Let's explore this definition in more detail.

Running programs

The first thing we need to understand is that a program is always started from another program.¹ Who started that other program, you might ask? Well, of course: a third program. And who started that one? Yet another program. But who...? I don't know, a turtle or something.

The details of what exactly a program does to start another one are not relevant for our purposes. We can just assume that there is a function that looks like this:

function runProgram(
  pathToProgram: string,
  arguments: string[],
  environmentVariables?: Record<string, string>
)

This is a crude simplification, but it will do. At its core, starting a program requires its path in the filesystem and a list of arguments. We can also optionally pass a dictionary of environment variables.

With this function and our previous definition, we can try to write a very simple and useless shell.

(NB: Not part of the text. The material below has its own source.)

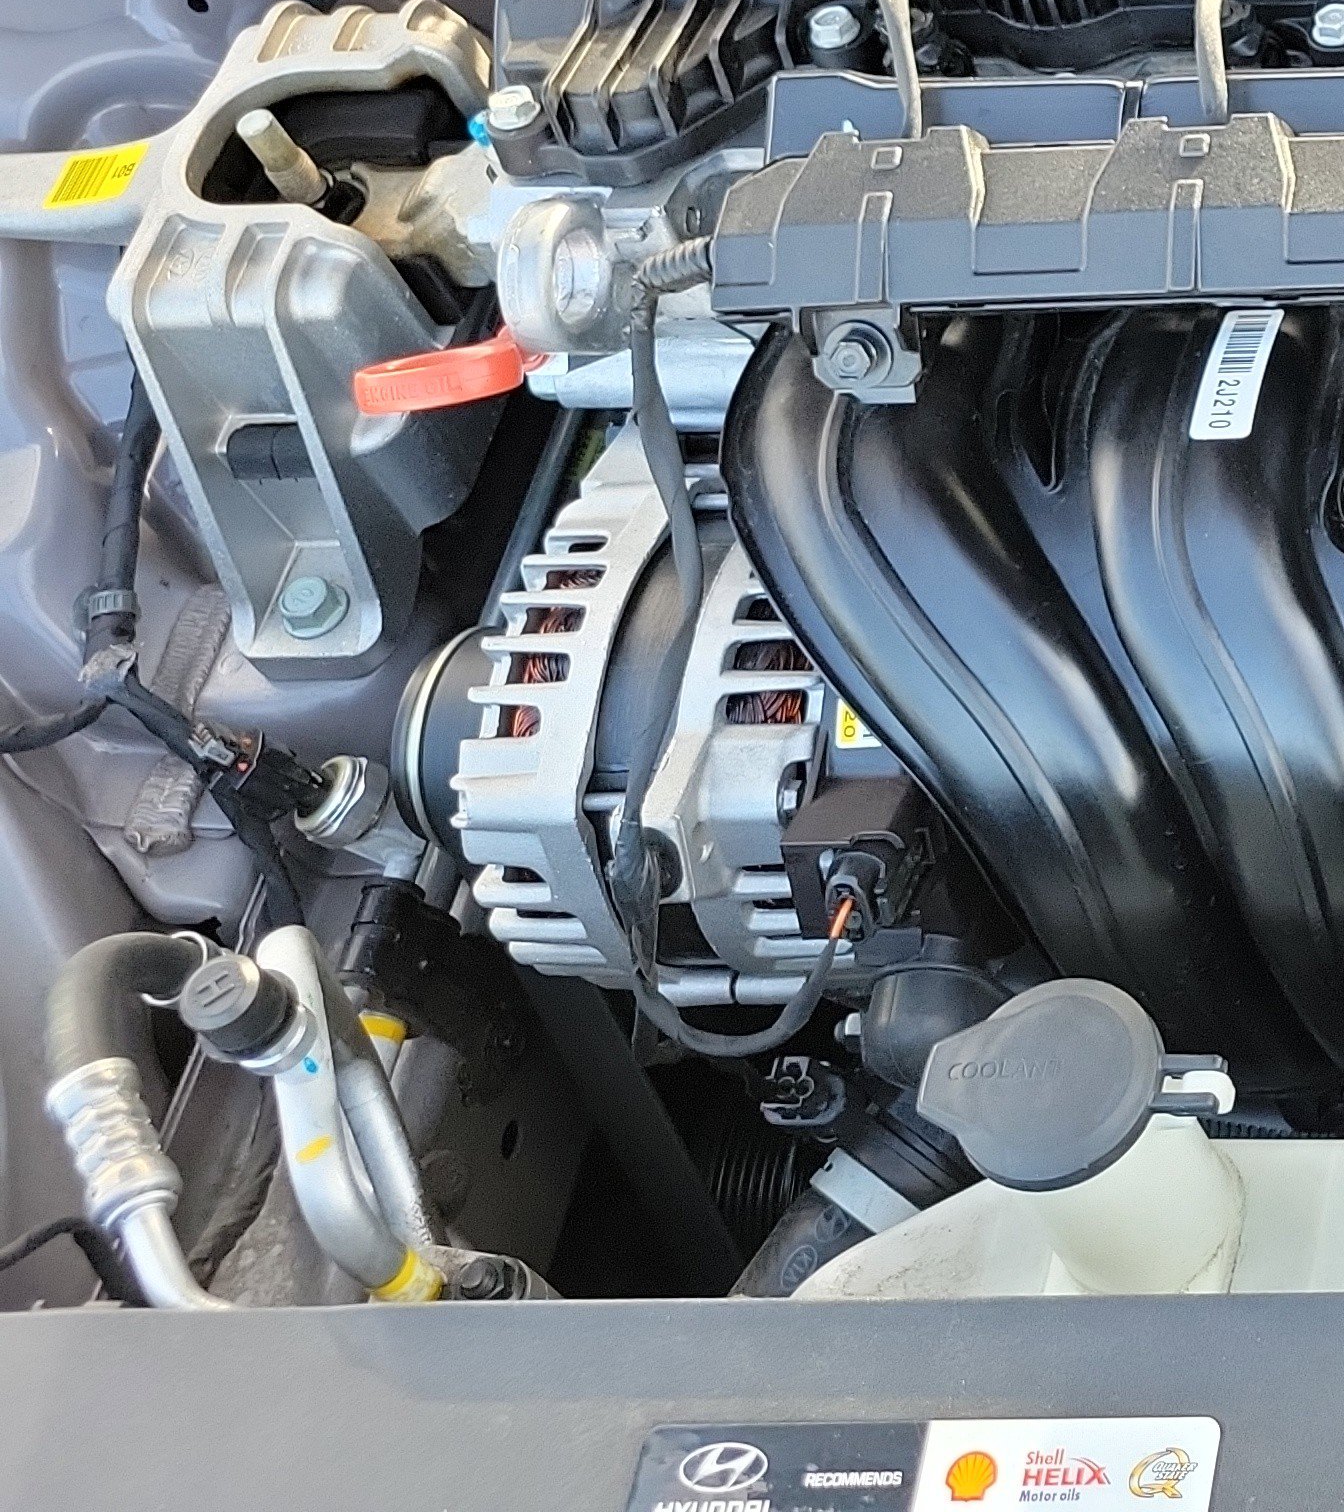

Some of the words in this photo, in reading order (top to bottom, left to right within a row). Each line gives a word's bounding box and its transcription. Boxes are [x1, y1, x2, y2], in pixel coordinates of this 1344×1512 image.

The worst shell in the world

Since we defined a shell as a program that interprets requests to run programs and assumed we have a runProgram function, we can write an extremely simple shell that just runs whatever program is passed to it:

while (true) {
  const pathToProgram = readLine();
  runProgram(pathToProgram, []);
}

This would be extremely useless, but it does the job. You input a path to the program you want to run, our shitty shell interprets your request verbatim, and that's it. But a real shell does much more than that.

Finding programs

When you want to run the df program to see if you have enough space to keep downloading buying movies, you don't write /usr/bin/df, you just write df. This wouldn't work on our dumb implementation, but it does in any real shell.

The reason this works is that the shell will check a list of pre-defined directories to see if any of them contains a program with that name. You probably already know that this list is in the PATH environment variable. We can easily add this feature to our previous snippet, especially if we assume that we have more magic functions available:

while (true) {
  const program = readLine();
  const pathToProgram = findProgram(process.env.PATH, program);

  if (pathToProgram) {
      runProgram(pathToProgram, []);
  } else {
      console.error(`No program named '${program}' was found`);
  }
}

Now we are doing some interpretation.

But what if we want to pass some arguments to a program? If we run rm Titanic.mkv we'll get this:

No program named 'rm Titanic.mkv' was found

Which makes sense! We are taking the full line and interpreting it as a program name. Whitespace is not special, and neither are you.

What we need here is some more of that sweet interpretation.

Parsing arguments

Let's update our shell to interpret whitespace as a separator between the name of the program and the arguments:

while (true) {
  const line = readLine();

  const [program, ...args] = line.split(/\s+/g);

  const pathToProgram = findProgram(process.env.PATH, program);
  if (pathToProgram) {
      runProgram(pathToProgram, args);
  } else {
      console.error(`No program named '${program}' was found`);
  }
}

If this code actually worked and we ran rm Titanic.mkv on it, it would actually delete the file. Probably. In any case, the takeaway is that we are doing a more complex interpretation of the command we receive. The command is still just a string, but we are starting to parse it in a somewhat interesting way.

Globs

What if you want to remove all the files that end in .mkv in a directory? It's easy with our shell: you just run ls, then write rm , and then manually add all the files that end with that extension. I'm sure you won't make any typos.

If you don't like typing, then there are some ways this could be automated. Maybe you could use a version of rm that, instead of a list of files, receives an extension as its argument and removes all the files with that extension. Or perhaps you could have one program that writes all the files with some extension to a file, and then pass that file to another program which consumes it and removes all the files pointed by it...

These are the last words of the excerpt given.